Eliminate the summaries/titles sequences whose length is less than 4.

In [None]:
# eliminate the sequences from training data
index=[]
for i in range(len(y_tr_seq)):
    if(len(y_tr_seq[i])<=3):
        index.append(i)
        
y_tr_seq = np.delete(y_tr_seq,index, axis=0)
x_tr = np.delete(x_tr,index, axis=0)

# eliminate the sequences from test data
index = []
for i in range(len(y_val_seq)):
    if(len(y_val_seq[i])<=3):
        index.append(i)
        
y_val_seq = np.delete(y_val_seq,index, axis=0)
x_val = np.delete(x_val,index, axis=0)
text_val = np.delete(text_val,index,axis=0)
summary_val = np.delete(summary_val,index,axis=0)

In [None]:
#padding zero upto maximum length
y_tr = pad_sequences(y_tr_seq, maxlen=max_summary_len, padding='post')
y_val = pad_sequences(y_val_seq, maxlen=max_summary_len, padding='post')

#size of vocabulary
y_voc = y_tokenizer.num_words +1

<br>

## Build a Sequence-to-Sequence Model for Text Summarization

In [None]:
import keras
from keras.layers import Input, LSTM, Embedding, Dense, concatenate, TimeDistributed, Add, dot, Activation
from keras.models import Model
from keras.callbacks import EarlyStopping, ModelCheckpoint

# No. of hidden nodes
latent_dim = 300
# Dimension of embeddings
embedding_dim=100

## Encoder-Decoder Structure for model training

#Encoder 
encoder_inputs=Input(shape=(max_text_len,))
encoder_embedding = Embedding(x_voc,embedding_dim, trainable=True, mask_zero=True)(encoder_inputs)
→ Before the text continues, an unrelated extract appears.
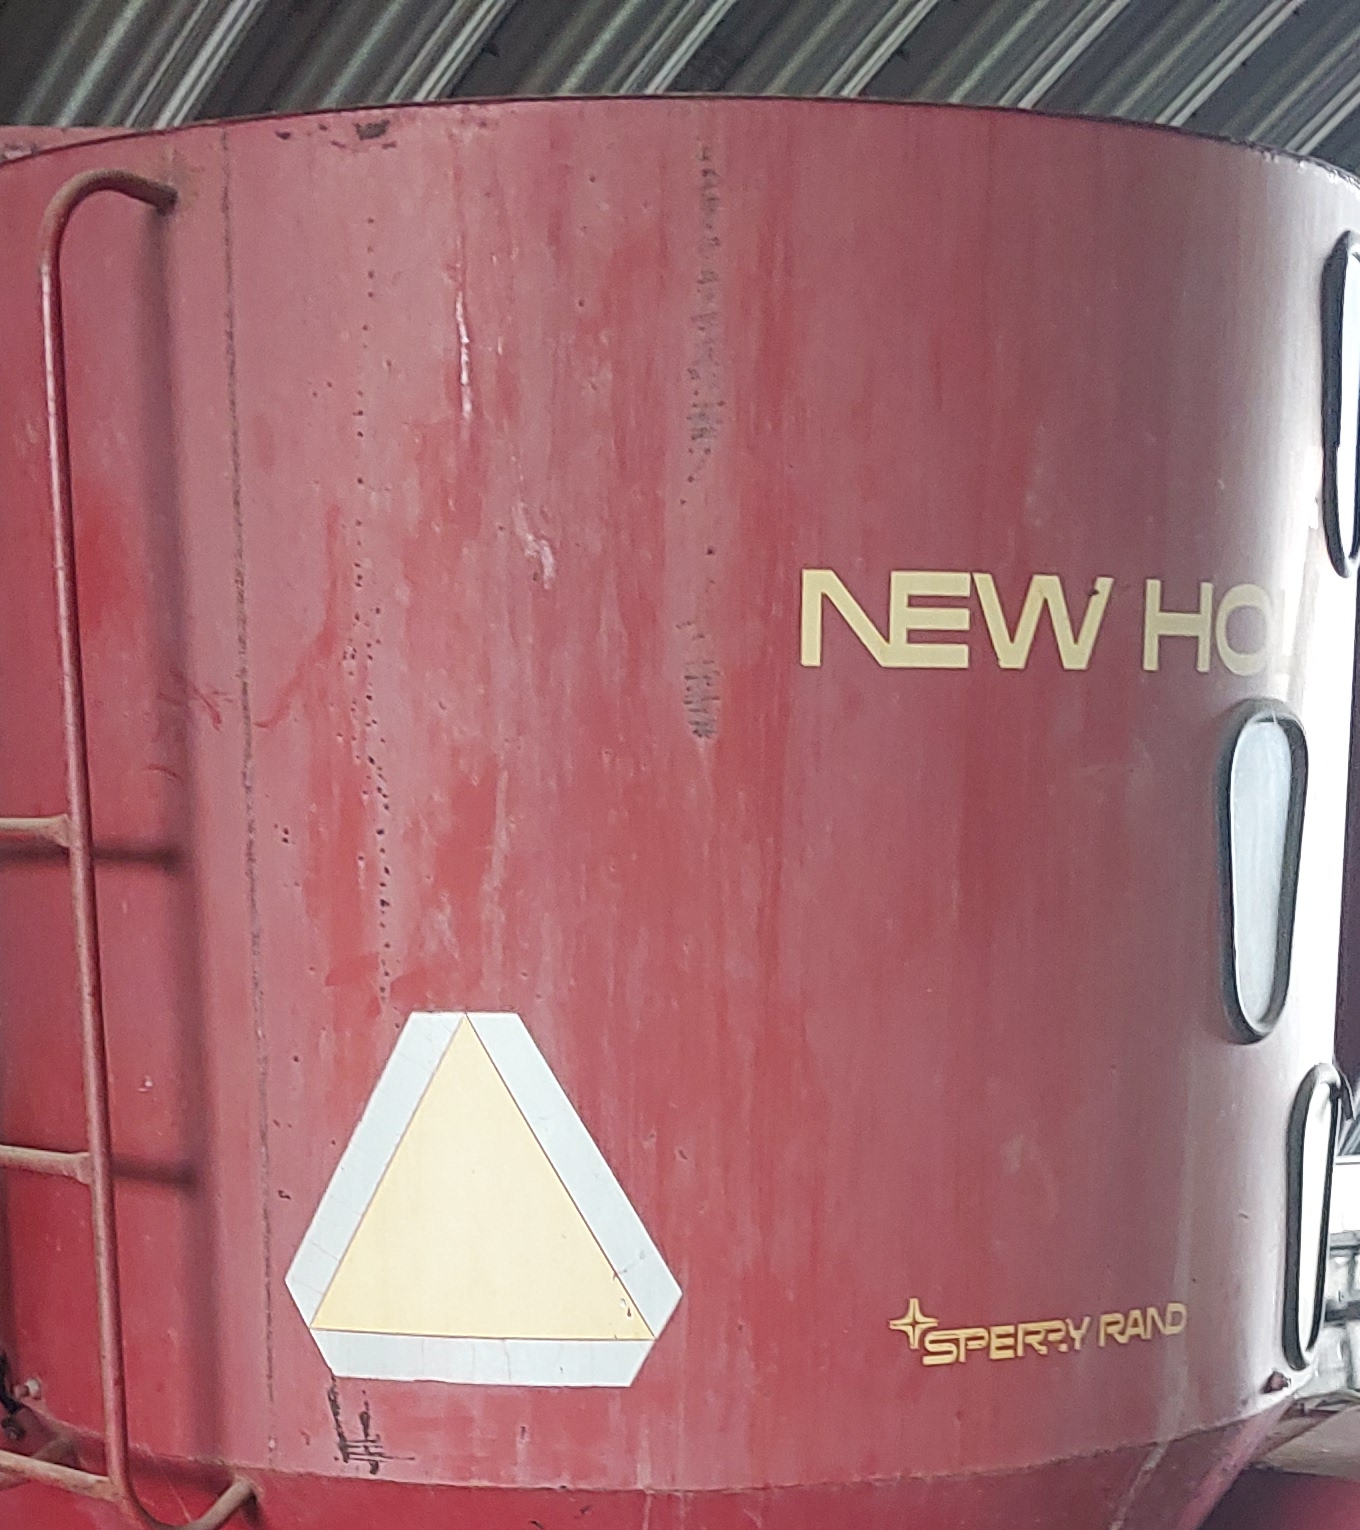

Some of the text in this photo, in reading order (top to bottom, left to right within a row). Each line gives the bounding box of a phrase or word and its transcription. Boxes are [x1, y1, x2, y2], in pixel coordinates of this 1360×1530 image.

[800, 568, 1114, 670] NEW
[922, 1303, 1187, 1366] SPERRY RAND
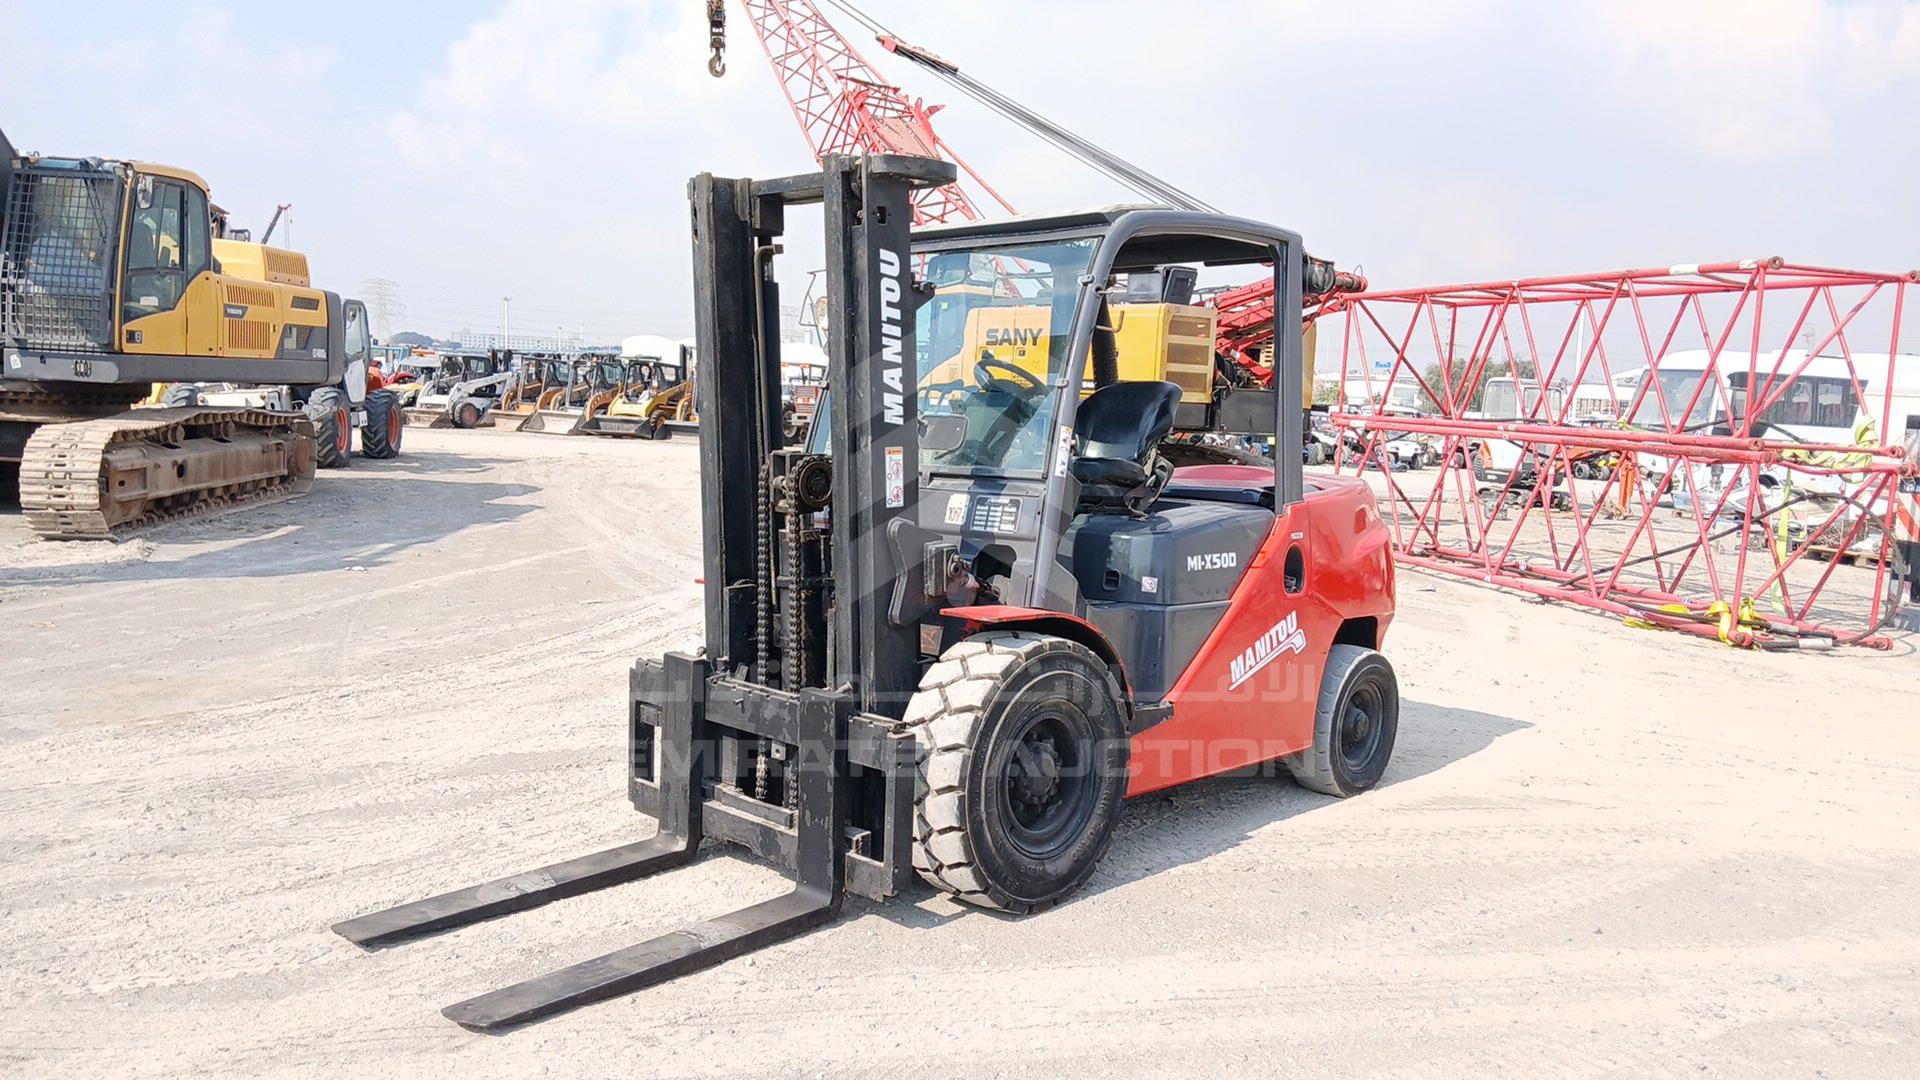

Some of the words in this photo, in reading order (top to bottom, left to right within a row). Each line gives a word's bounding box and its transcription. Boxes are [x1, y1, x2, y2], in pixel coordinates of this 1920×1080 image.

encoder_lstm = LSTM(latent_dim,return_sequences=True,return_state=True,go_backwards=True)
encoder_outputs, state_h, state_c = encoder_lstm(encoder_embedding)

#Decoder
decoder_inputs=Input(shape=(None,))
dec_emb_layer = Embedding(y_voc, embedding_dim,trainable=True,mask_zero=True)
dec_emb = dec_emb_layer(decoder_inputs)

decoder_lstm = LSTM(latent_dim,return_sequences=True,return_state=True)
decoder_outputs, dec_state_h, dec_state_c = decoder_lstm(dec_emb,initial_state=[state_h, state_c])

#Dense layer
dense_layer = TimeDistributed(Dense(latent_dim, activation="tanh"))
dense_outputs=dense_layer(decoder_outputs) 

#Output layer
output_layer = TimeDistributed(Dense(y_voc, activation="softmax"))
decoder_outputs=output_layer(dense_outputs)

model = Model([encoder_inputs,decoder_inputs], decoder_outputs)
model.summary()

In [None]:
model.compile(optimizer='adam', loss='sparse_categorical_crossentropy')

### Define Early Stopping and Save Model

In [None]:
es = EarlyStopping(monitor='val_loss', mode='min', verbose=1, patience=2, min_delta=0.0001) 
mc = ModelCheckpoint('best_model_9.hdf5', monitor='val_loss', verbose=1, save_best_only=True, mode='min')

In [None]:
x_tr.shape

### Initiate Model Training

In [None]:
history=model.fit([x_tr,y_tr[:,:-1]], y_tr.reshape(y_tr.shape[0],y_tr.shape[1], 1)[:,1:] ,epochs=50, callbacks=[es,mc], batch_size=32, validation_data=([x_val,y_val[:,:-1]], y_val.reshape(y_val.shape[0],y_val.shape[1], 1)[:,1:]))

<br>

### Load the Saved Model

In [None]:
model=keras.models.load_model('best_model_9.hdf5')

In [None]:
from matplotlib import pyplot
pyplot.plot(history.history['loss'], label='train')
pyplot.plot(history.history['val_loss'], label='test')
pyplot.legend()
pyplot.show()

## Model Inference 

In [None]:
reverse_target_word_index=dict((v, k) for k, v in y_tokenizer.word_index.items())
reverse_source_word_index=dict((v, k) for k, v in x_tokenizer.word_index.items())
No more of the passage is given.